== Spatial localization data ==
---*---

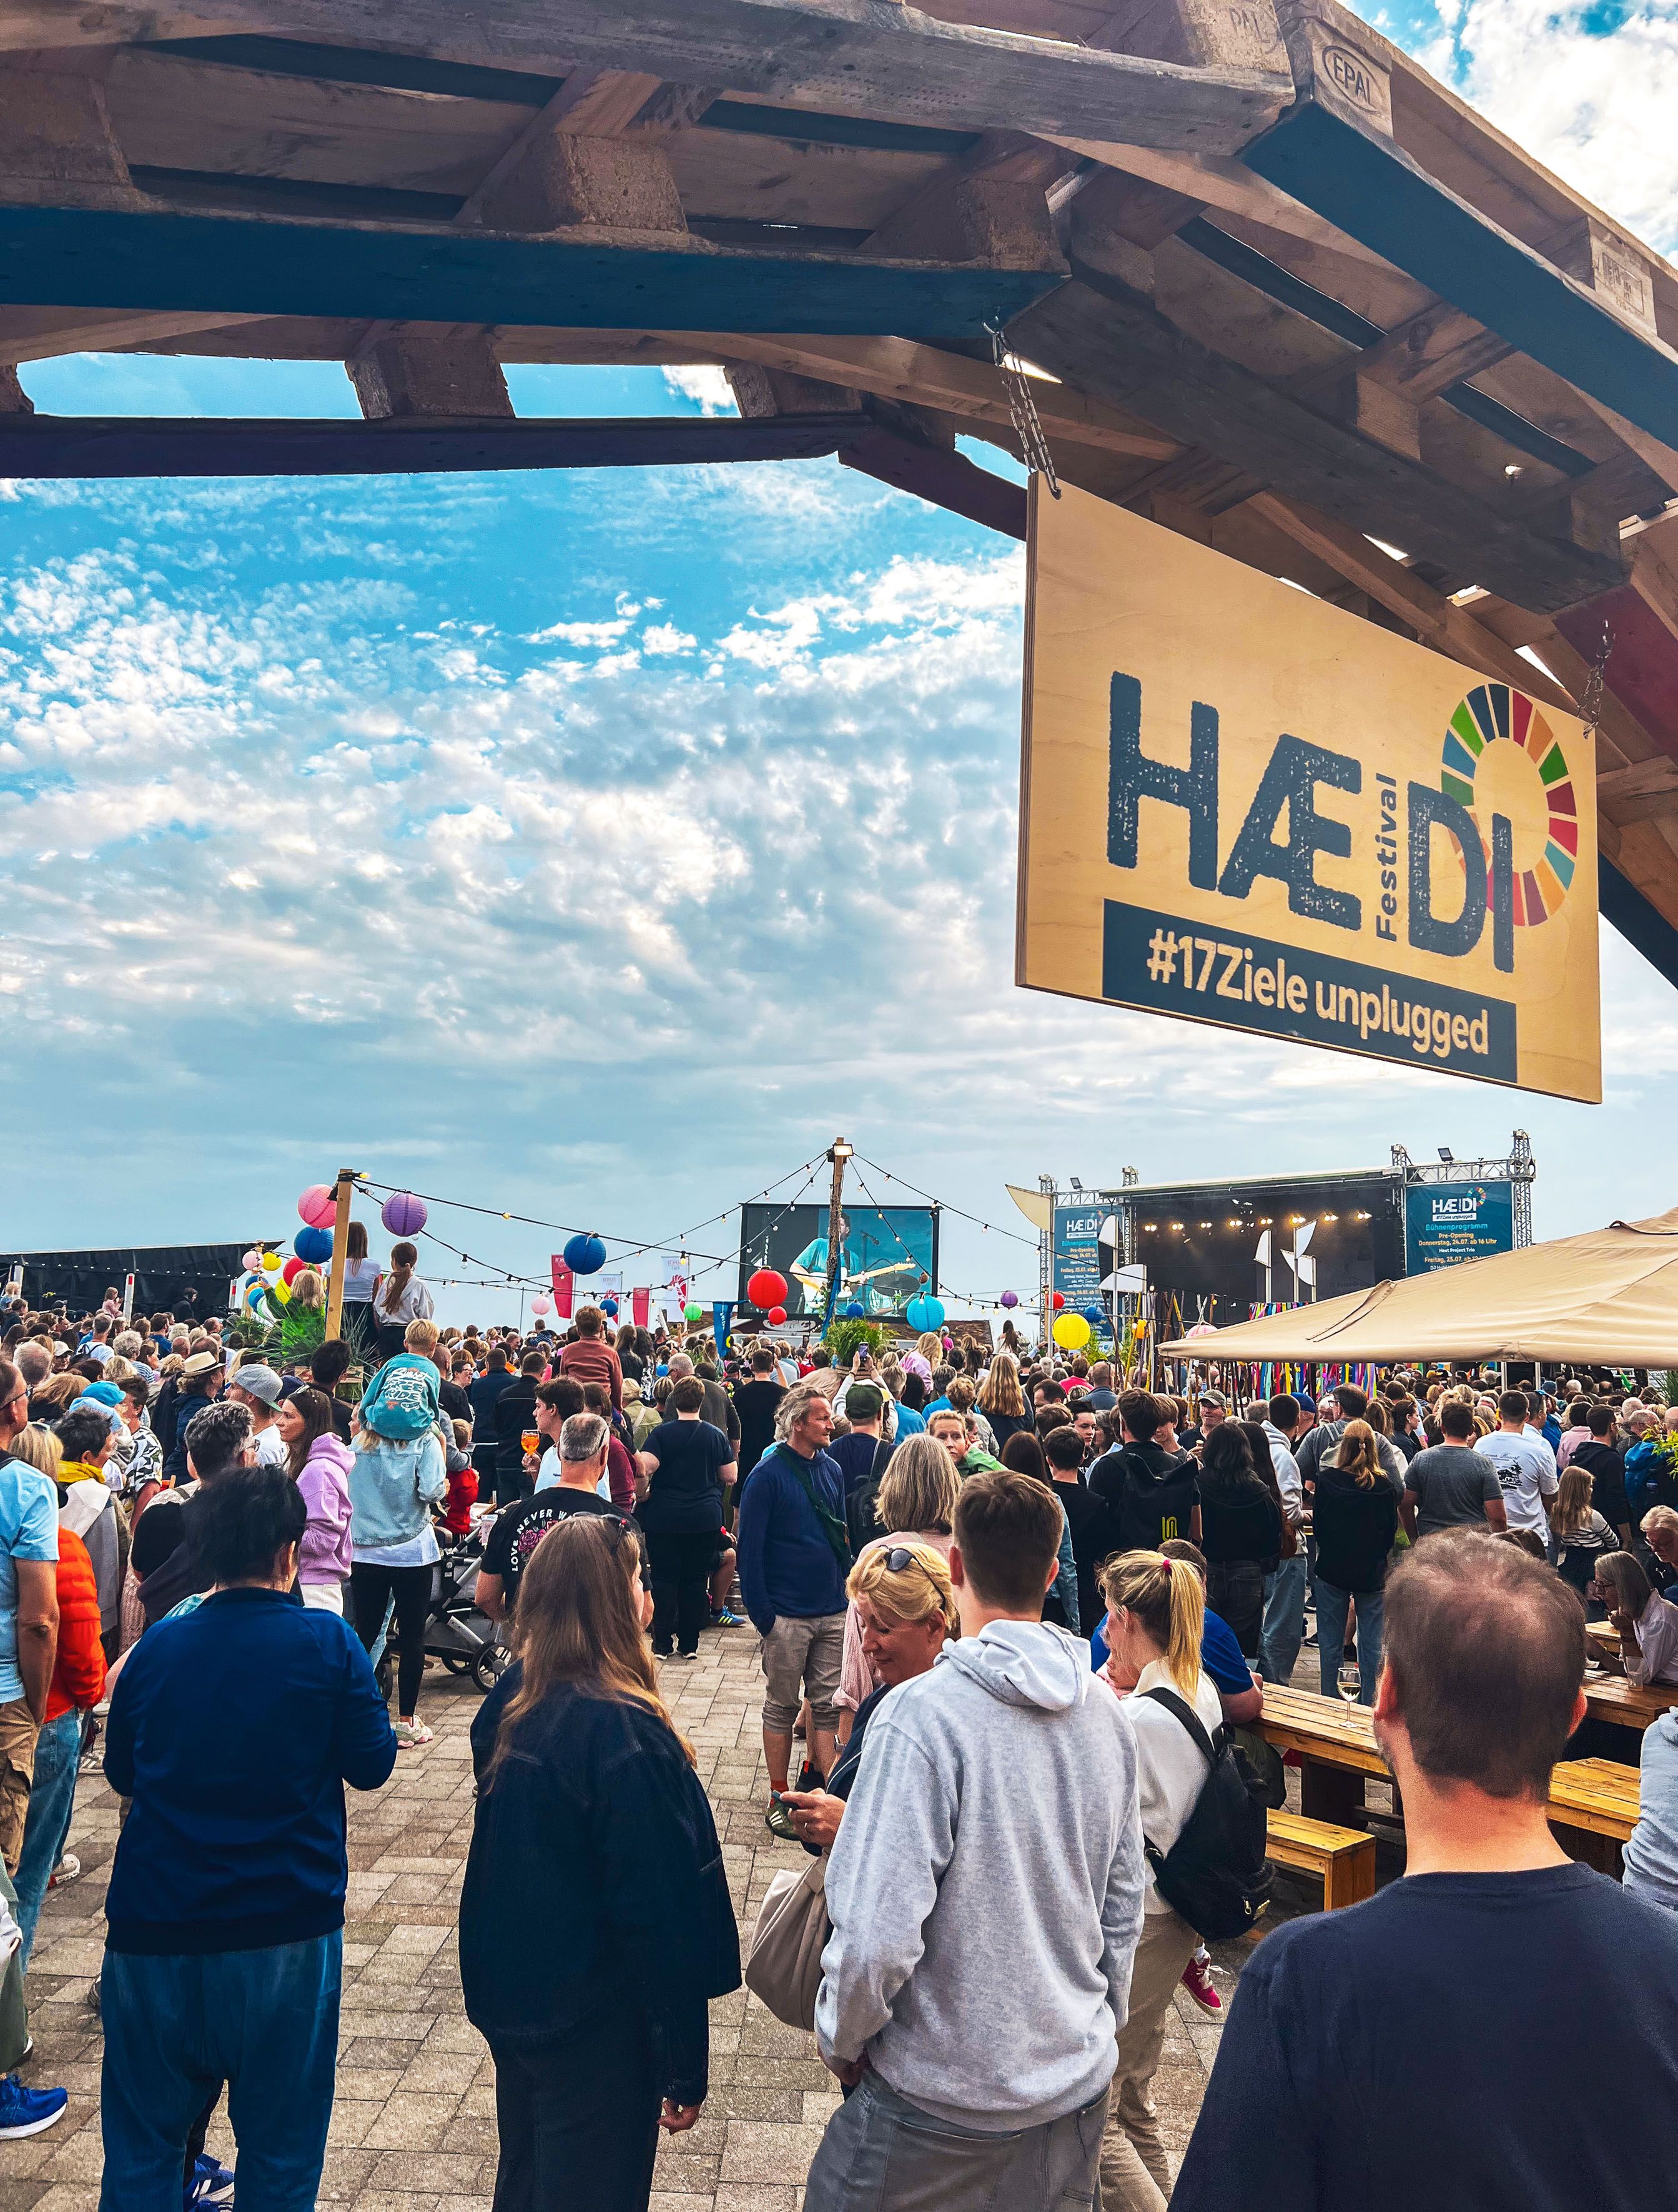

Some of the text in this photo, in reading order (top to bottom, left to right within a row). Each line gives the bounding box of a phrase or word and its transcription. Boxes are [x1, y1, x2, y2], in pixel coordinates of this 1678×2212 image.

[1107, 670, 1515, 973] HÆDI
[1376, 772, 1399, 943] Festival
[1147, 927, 1490, 1059] #17Ziele unplugged
[1426, 1223, 1488, 1231] Bühnenprogramm
[384, 1389, 422, 1402] RIDE
[510, 1508, 553, 1572] LOVE NEVER
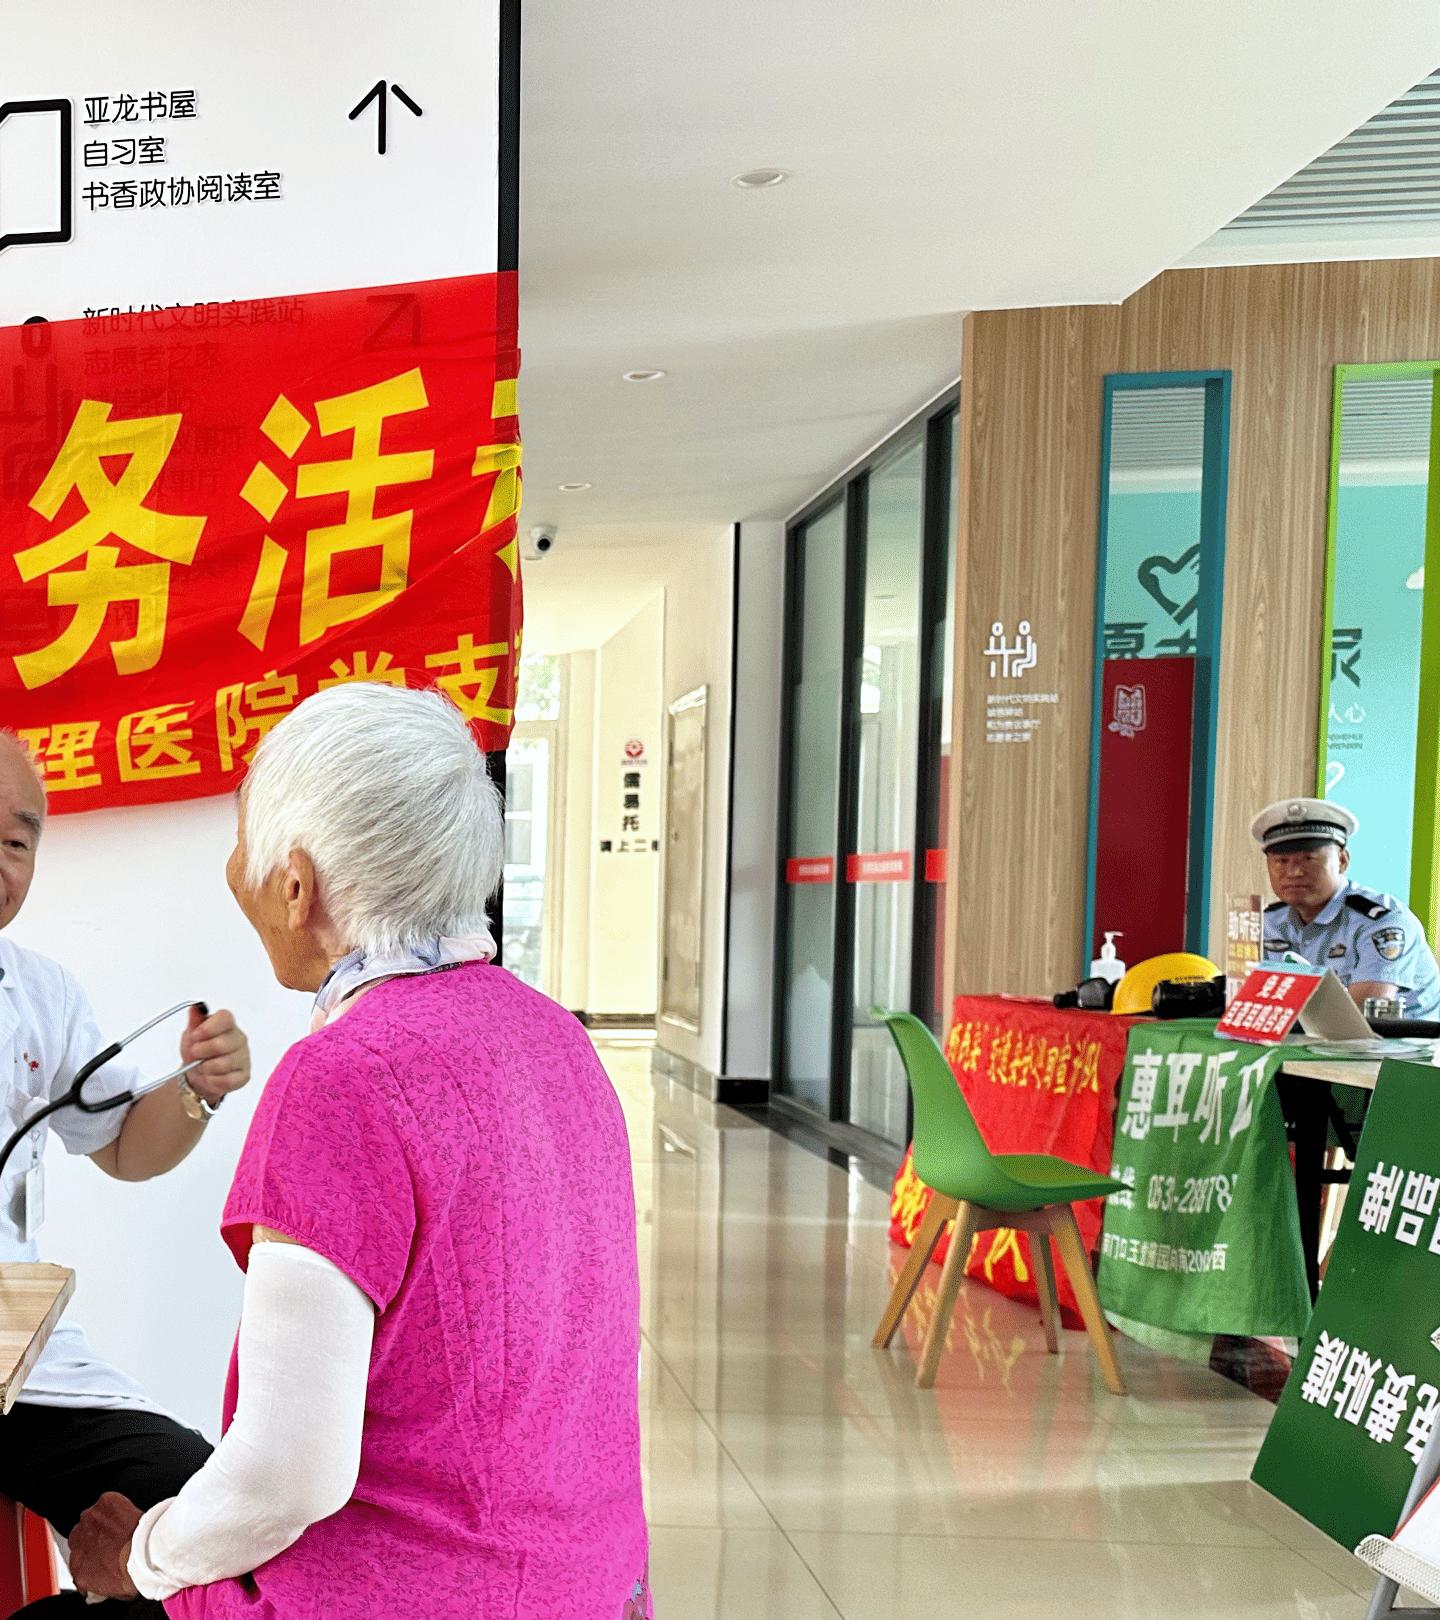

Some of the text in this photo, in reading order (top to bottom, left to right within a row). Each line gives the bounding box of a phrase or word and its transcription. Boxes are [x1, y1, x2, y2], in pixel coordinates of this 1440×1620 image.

---*---

== Your instructions ==
Please set down the data above exactly as given, leaving every picture out.

== Answer space ==
Some of the text in this photo, in reading order (top to bottom, left to right within a row). Each line gives the bounding box of a phrase or word and its transcription. Boxes are [x1, y1, x2, y2], in pixel coordinates of this 1678×2212 image.

[1107, 670, 1515, 973] HÆDI
[1376, 772, 1399, 943] Festival
[1147, 927, 1490, 1059] #17Ziele unplugged
[1426, 1223, 1488, 1231] Bühnenprogramm
[384, 1389, 422, 1402] RIDE
[510, 1508, 553, 1572] LOVE NEVER

Some of the text in this photo, in reading order (top to bottom, left to right within a row). Each line gives the bounding box of a phrase or word and its transcription. Boxes are [x1, y1, x2, y2], in pixel coordinates of this 1440×1620 image.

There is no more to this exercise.